Why is it better to have a good deposit for a house when buying a home? The short answer is that having a large deposit is cheaper for two key reasons. Firstly you have a greater choice of lenders who are willing to offer a mortgage. Secondly, the rate of interest that you pay is much less (currently almost 2.5 times less). A third reason would be that it is a larger buffer against a sharp fall in property prices, reducing the possibility of negative equity, which in the US is no big deal, because they just hand the keys back, but here in the UK you have to pay your debts.
If you believe the owning property is a particularly good thing, you may well support the Government help to buy scheme, enabling people to buy their first home. Since the credit crunch lenders have cut back the amount that they lend and the risk that they take. As a result it is difficult to find a competitive mortgage rate unless you have a large deposit of significant equity in your home. The new Government scheme basically underwrites the risk which is not passed on to the lenders (several of whom we all effectively now own). So to be blunt, the taxpayer is taking the risk… again.
Why have property prices risen so much?
I am not against property ownership at all. However current property prices are daft. They are fuelled by overzealous estate agents, surveyors and lenders who all essentially collude in the myth that property is fairly valued. Frankly they all have to, because to do otherwise would be so out of touch with the market that they would go out of business, so I’m not blaming anyone. However the main culprit is the lender, who essentially makes money out of nothing (they do not have the resources to back the loan; merely re-lend your deposit and all of our collective cash. This “easy money” has fuelled the myth that property values have soared legitimately. They haven’t. There is a massive disconnection between income and property prices. As salary inflation has remained relatively static of late and property prices have “risen” the gap is constantly widening. Sadly, there are no easy solutions – big salary rises or a reversal of property valuations.
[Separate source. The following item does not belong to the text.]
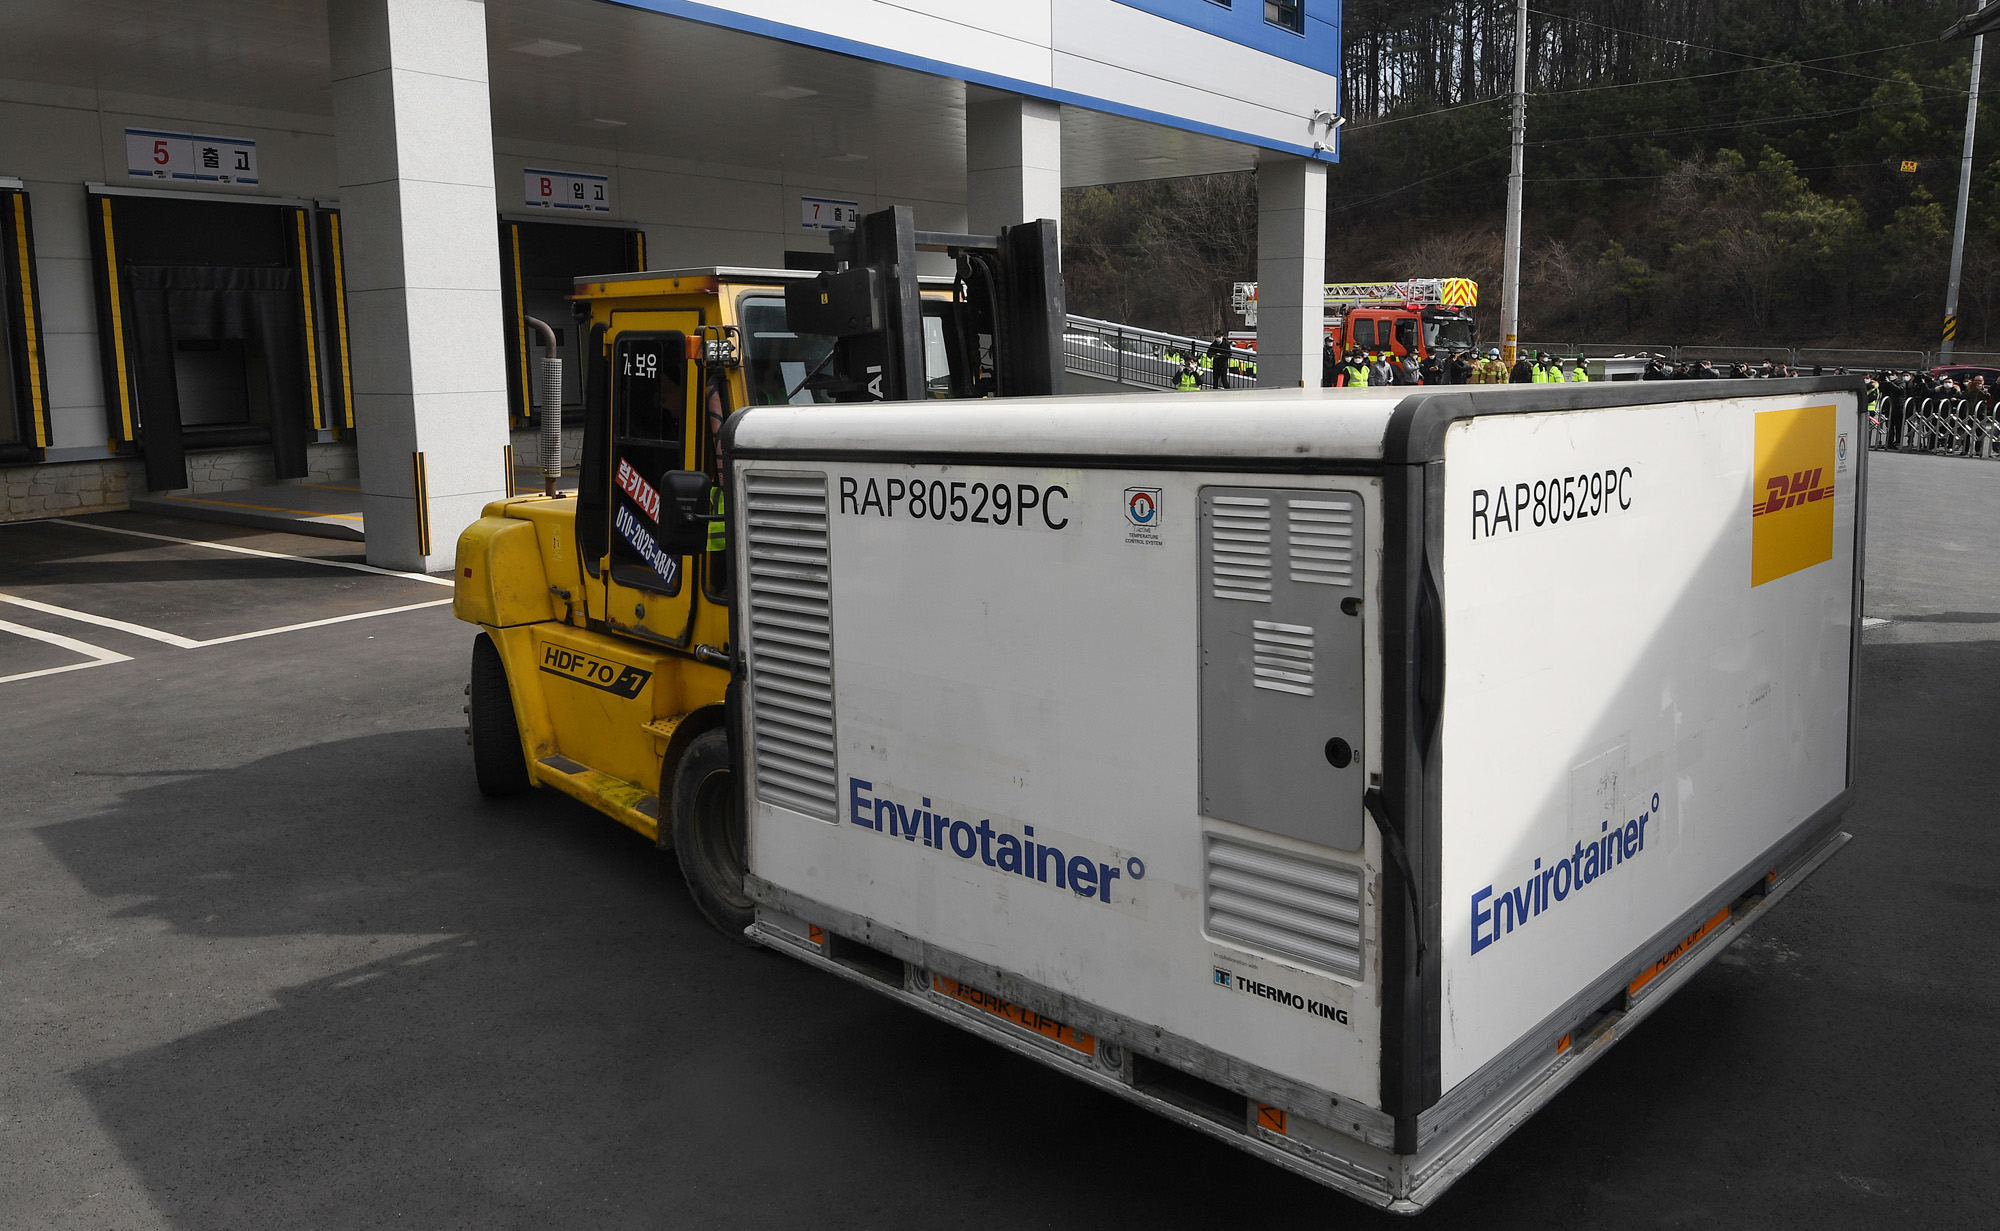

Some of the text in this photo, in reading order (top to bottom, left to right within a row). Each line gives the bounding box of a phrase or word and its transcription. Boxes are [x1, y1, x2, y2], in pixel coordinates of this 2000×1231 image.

How much more is a 90% LTV?
Britain is peculiar in its obsession with home ownership, most of Europe rent. That of course does not mean the we Brits are wrong – look at the state of European finances and we are apparently rather savvier. Today’s news that if you have a 60% mortgage (40% equity or deposit) your mortgage is likely to cost you almost 2.5 times less than someone with a 10% deposit. In short it pays to have cash and to have less debt. You know this of course, but that doesn’t help the next generation who are going to struggle to buy a home and due to inflated property prices the size of the deposit is becoming out of reach for many. So rather than address the root causes, the Government has merely said, borrow the money and they will cover the risk. Not what I would call wisdom in action, but by far the most palatable of alternatives of massive salary increases (which may not work) or a massive property devaluation.